TO DO:
Drop the pictures, then extract the listing word for word.

MATERIALS PROVIDED:
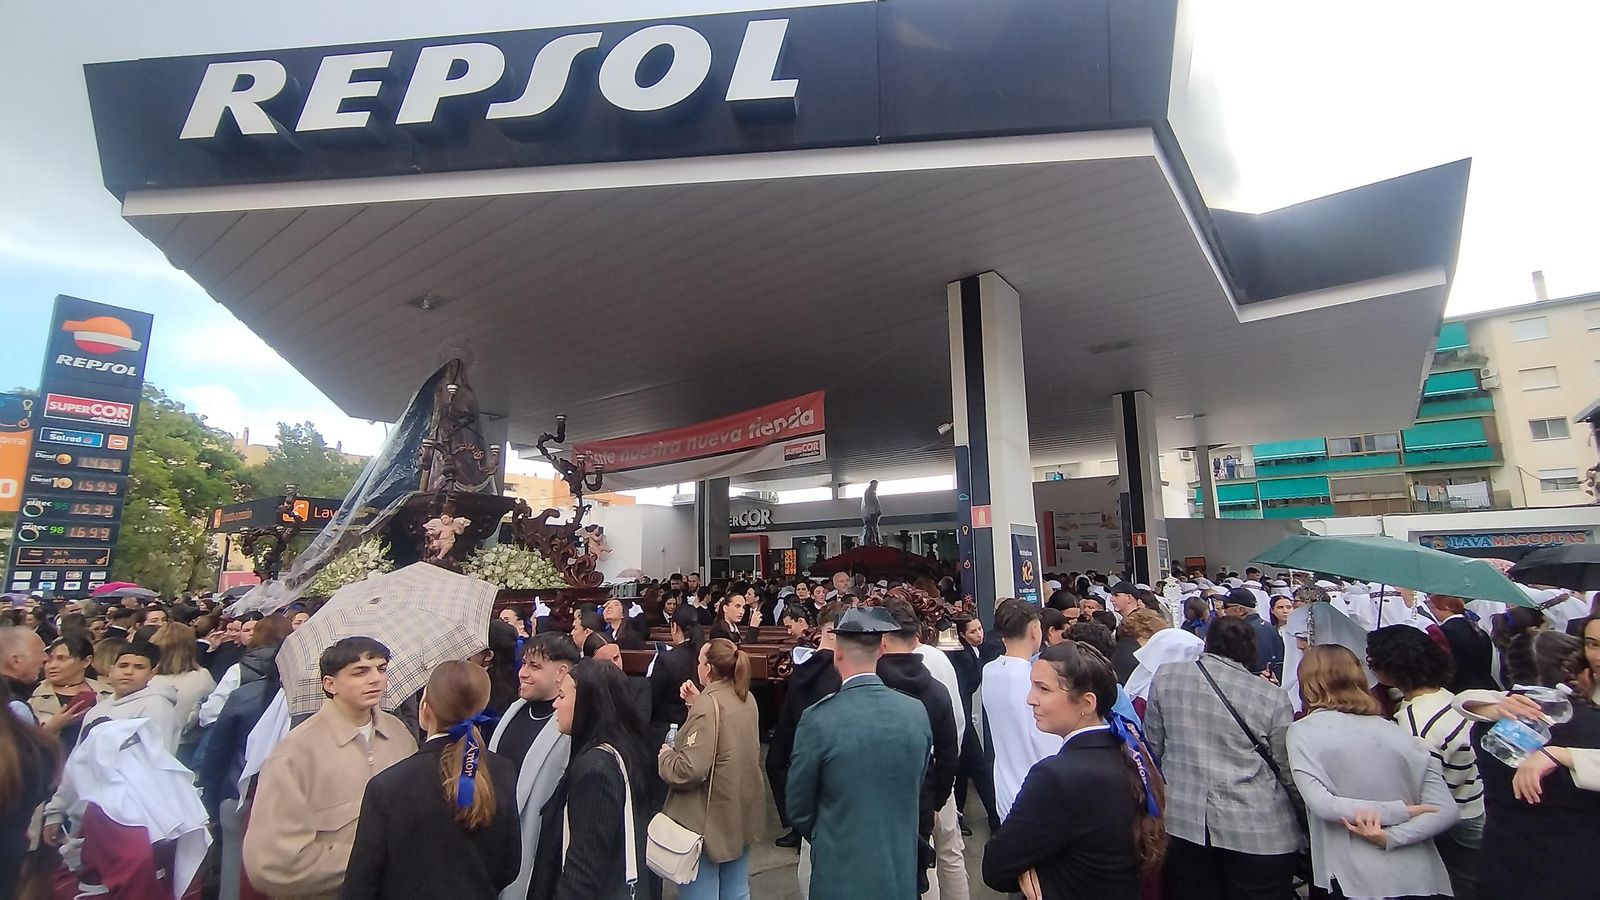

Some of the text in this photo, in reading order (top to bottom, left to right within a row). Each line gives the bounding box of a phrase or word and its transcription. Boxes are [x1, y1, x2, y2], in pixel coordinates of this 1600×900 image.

[179, 18, 800, 140] REPSOL
[56, 354, 137, 376] REPSOL
[48, 401, 129, 419] SUPERCOR
[49, 433, 82, 443] Solred
[620, 440, 681, 462] nuestra
[687, 427, 742, 450] nueva
[749, 406, 814, 439] tienda
[314, 506, 340, 519] Lav
[49, 526, 65, 534] 98
[464, 741, 479, 777] Amor

SOLUTION TO THE PROBLEM:
Some of the text in this photo, in reading order (top to bottom, left to right within a row). Each line gives the bounding box of a phrase or word and its transcription. Boxes are [x1, y1, x2, y2], in pixel coordinates of this 1600×900 image.

[179, 18, 800, 140] REPSOL
[56, 354, 137, 376] REPSOL
[48, 401, 129, 419] SUPERCOR
[49, 433, 82, 443] Solred
[620, 440, 681, 462] nuestra
[687, 427, 742, 450] nueva
[749, 406, 814, 439] tienda
[314, 506, 340, 519] Lav
[49, 526, 65, 534] 98
[464, 741, 479, 777] Amor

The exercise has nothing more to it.